You're Not Thinking, If You're Not Drinking
“I am too busy to remember to hydrate”, “ I have to pee too much when I drink water”. To some of you, this sounds all too familiar. I have heard every excuse in the book for lack of water consumption. We are creatures of habit, but only after willingly starting the repetition. Let me first tell you why its important and then tips on how to make a change.
Let's start with a few facts. Our bodies are made up of 60% water, that's a lot of H2O. In order to maintain that percentage it is recommended that a person drinks .5 to 1 ounce of water per pound of body weight daily. This amount will vary depending on activity level. If you are exercising vigorously it will require you to hydrate more and at a slightly increased pace. The increase in volume and pace has a lot to do with water loss from sweating. Try and sip on 7-10 ounces of water for every 20-30 minutes of vigorous exercise. These recommended daily amounts might sound like a ton of liquids, but keep in mind water comes from a few sources. These sources include: drinking water, eating fruits and vegetables, and just simple metabolism.
The importance of water goes beyond just "wetting your whistle". Water in your body is used to maintain a constant body temperature as well as keep your joints lubricated. If you are dehydrated you may notice that your joints feel tight, that you feel light headed, lose focus easily, or become physically ill. Most individuals do not realize how hydration negatively affects them until it happens. Here are a few ways that dehydration and lack of water consumption can be avoided.
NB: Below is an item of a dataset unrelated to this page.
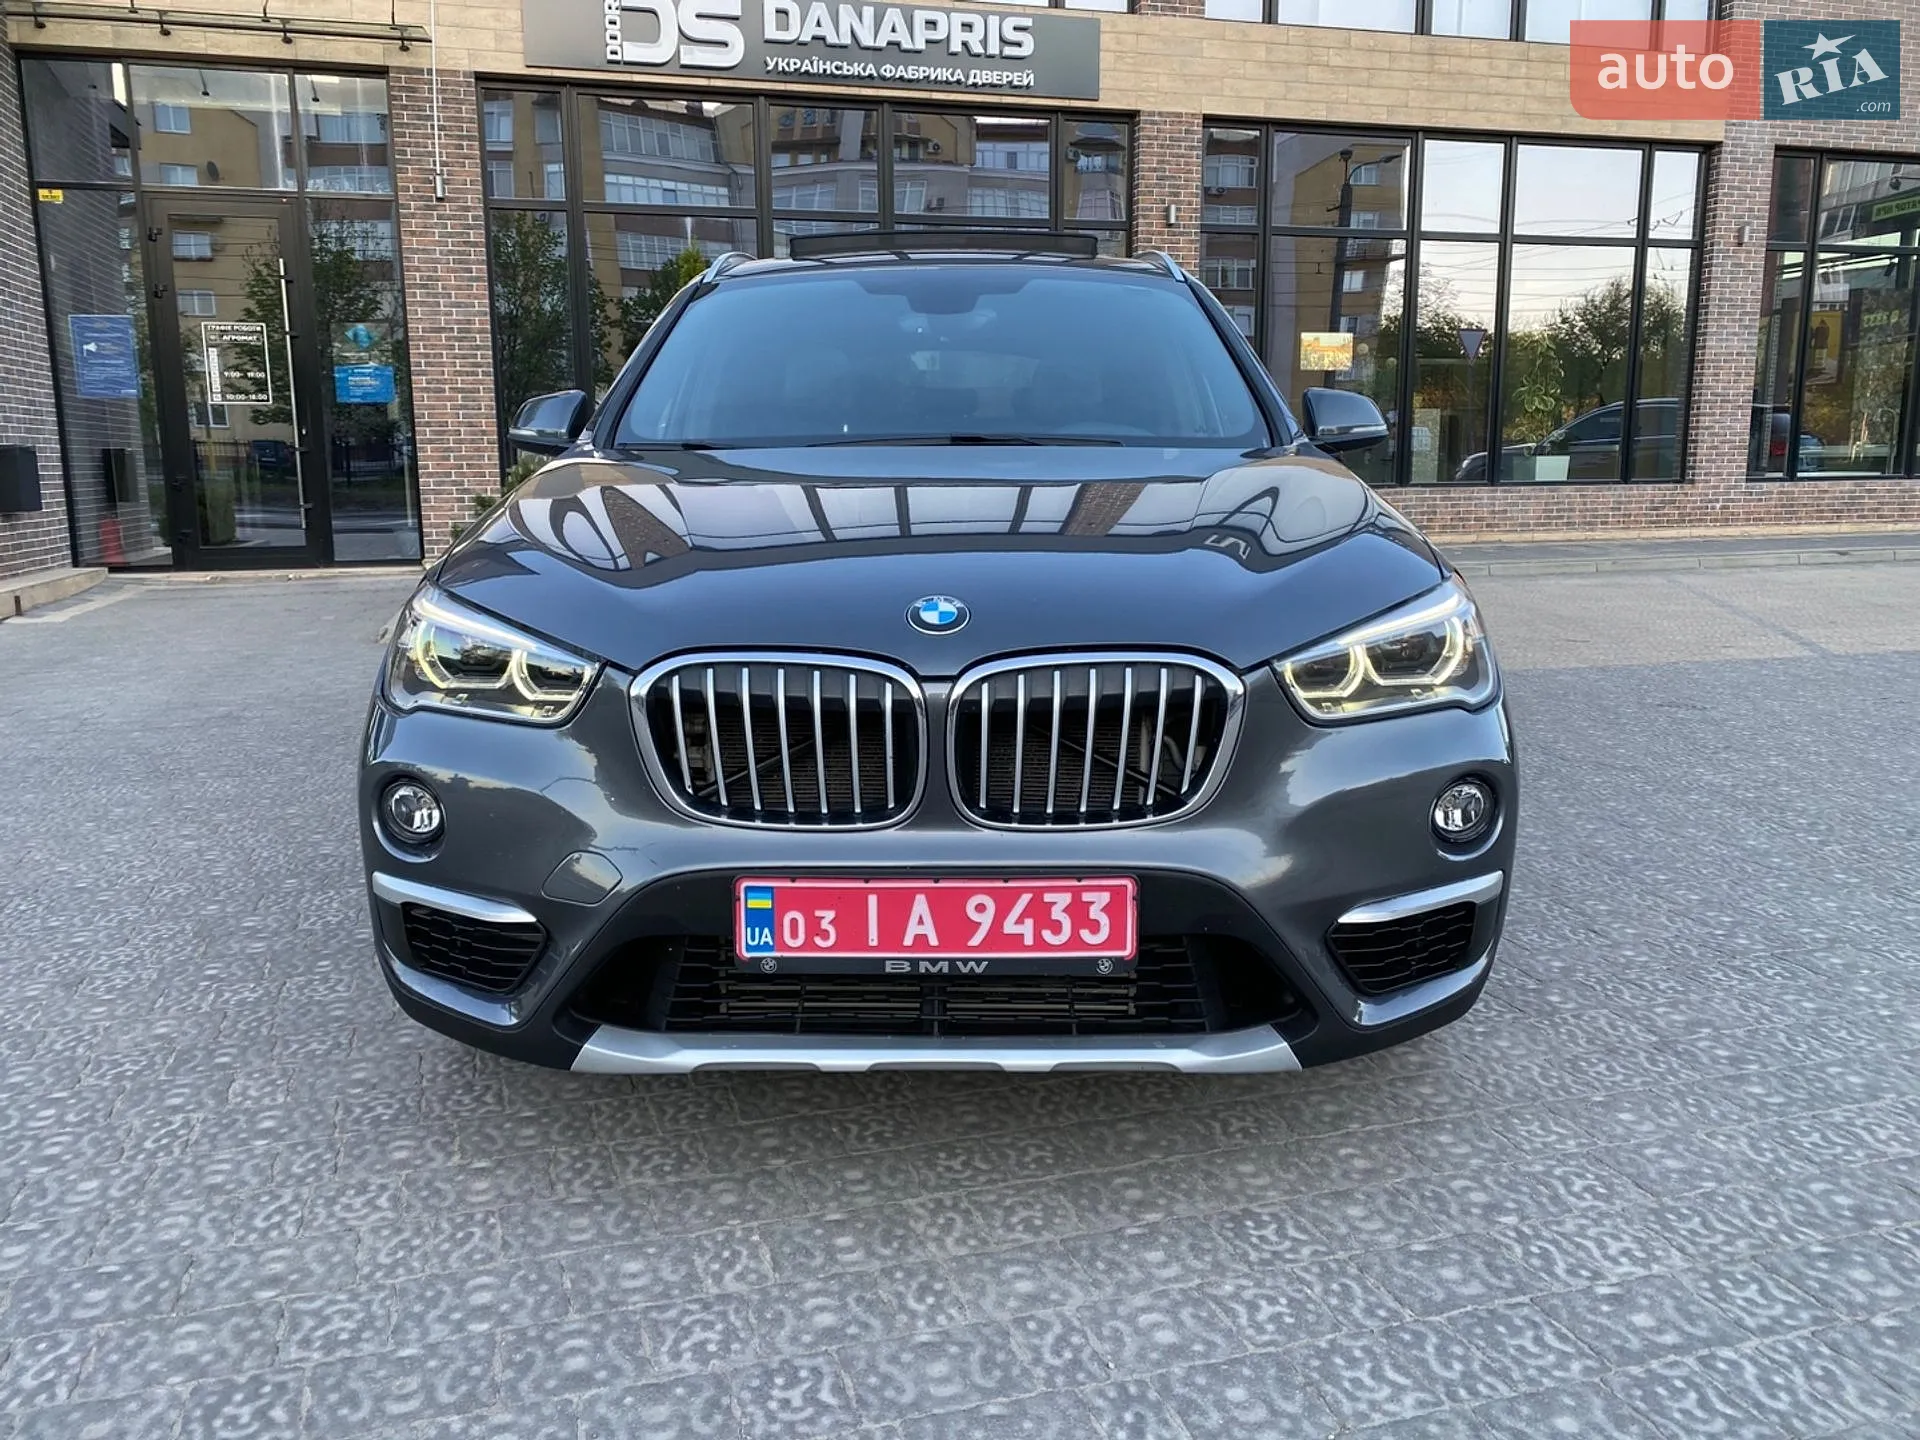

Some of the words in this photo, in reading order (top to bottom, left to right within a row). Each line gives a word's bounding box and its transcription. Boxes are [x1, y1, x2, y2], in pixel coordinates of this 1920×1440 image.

1) Carry a bottle of water with you wherever you go and refill as needed. The amount of people carrying water bottles each day is increasing as people begin to understand the constant need for it. Try and find a bottle that is BPA free, so you don’t have to worry about any nasty chemicals leaching into your water.
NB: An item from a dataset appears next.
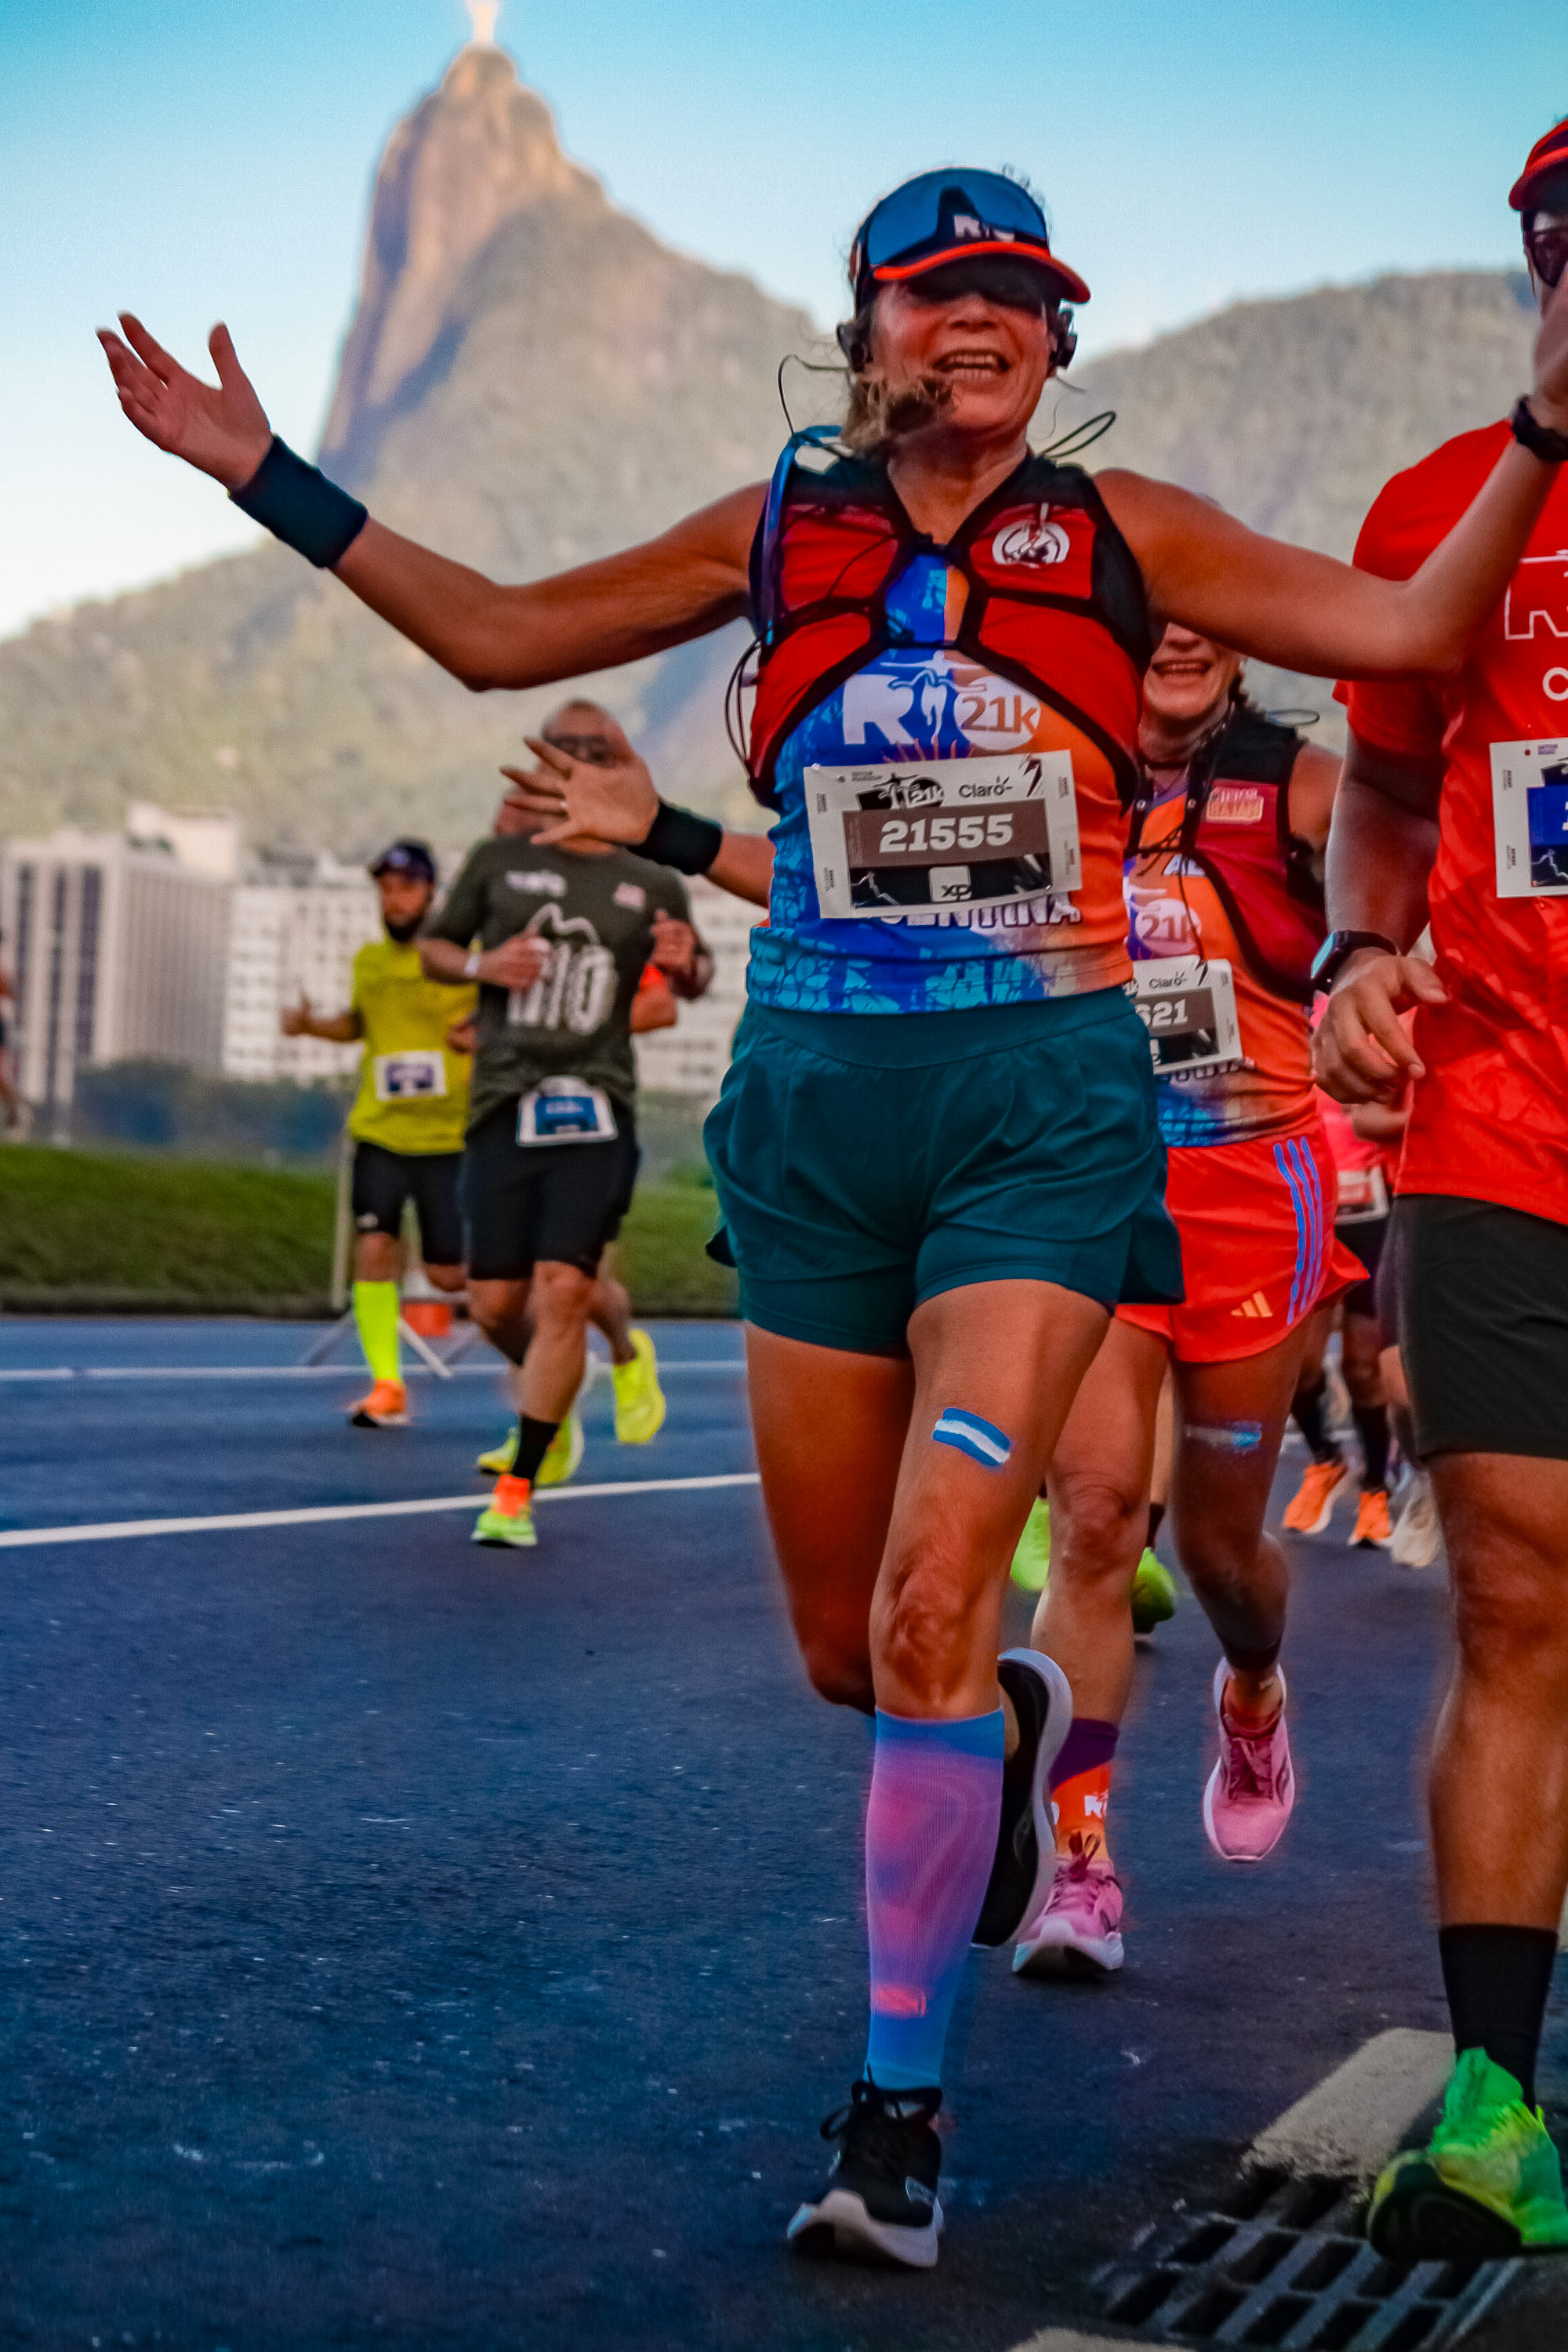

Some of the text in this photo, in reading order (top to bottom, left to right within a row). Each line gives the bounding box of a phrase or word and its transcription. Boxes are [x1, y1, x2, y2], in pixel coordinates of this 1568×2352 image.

[961, 694, 1040, 734] 21k
[958, 778, 1010, 798] Claro
[879, 812, 1014, 854] 21555
[1149, 973, 1185, 989] Claro
2) Set a timer on your watch or phone for every 30 minutes. When your alarm goes off drink for 4 Mississippi’s. These timed intervals will ensure that you are drinking enough, without having to remember on brain power alone.
3) Turn to fruit. After an intense workout a banana will help to replenish your electrolytes as well as provide much needed potassium. Other fruits such as watermelon and dates will also help to restore vital nutrients. Watermelon is almost 90% water which means it hydrates and tastes great. So when you need a snack at work, grab some fruit!
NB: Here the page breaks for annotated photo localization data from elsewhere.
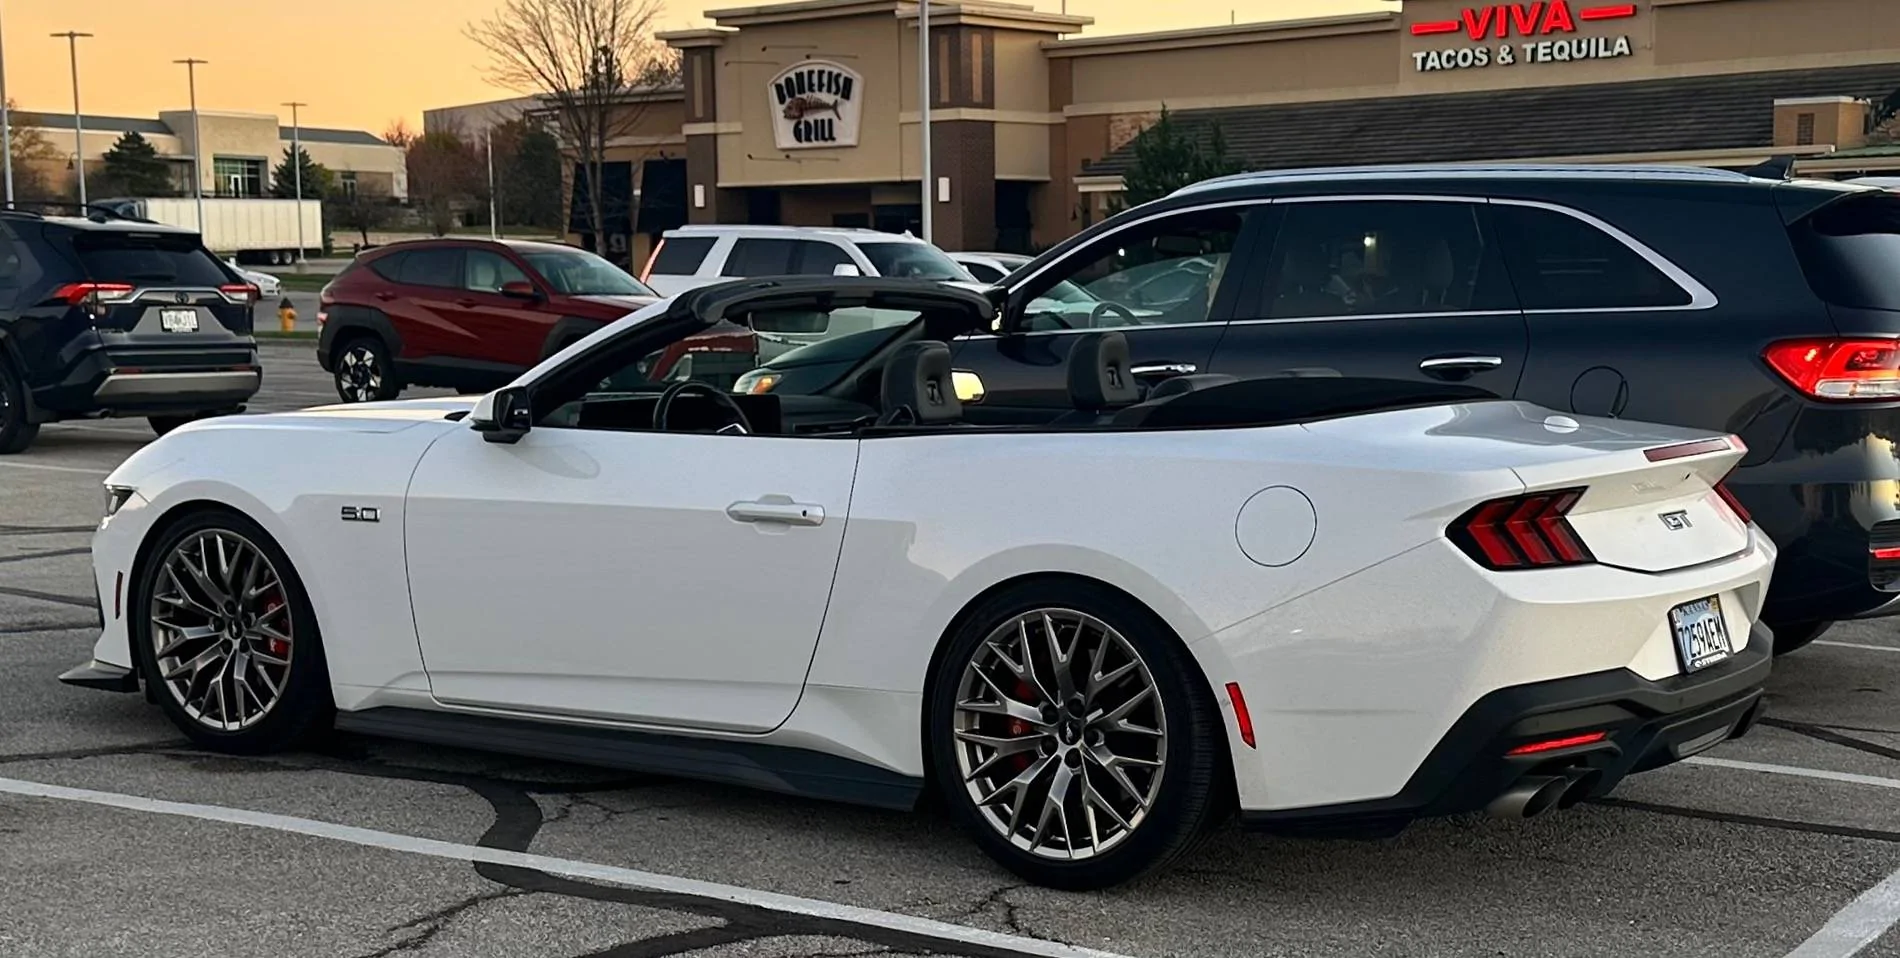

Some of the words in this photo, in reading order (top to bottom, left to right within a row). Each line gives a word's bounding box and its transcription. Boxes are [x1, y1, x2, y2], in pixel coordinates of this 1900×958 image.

[1461, 0, 1576, 40] VIVA
[1412, 46, 1489, 72] TACOS
[1496, 45, 1515, 66] &
[1521, 36, 1632, 64] TEQUILA
[774, 69, 854, 105] BONEFISH
[793, 118, 836, 143] GRILL
[1657, 509, 1693, 531] GT
[1677, 615, 1727, 663] 7259AEM
4) Always keep water with you when exercising. This is an extremely critical time to hydrate due to the sweat loss. Don’t be the one at your office softball game that has to sit out because you're light headed and have no water. Always be prepared.
Without water on earth civilization would cease to exist. It's a vital natural resource that we often take for granted. So after you finish reading this reach for a glass of water, and then a few more as the day goes on. If you do not consistently drink water you might never feel the positive effects of being hydrated. You will always have a friend in H20.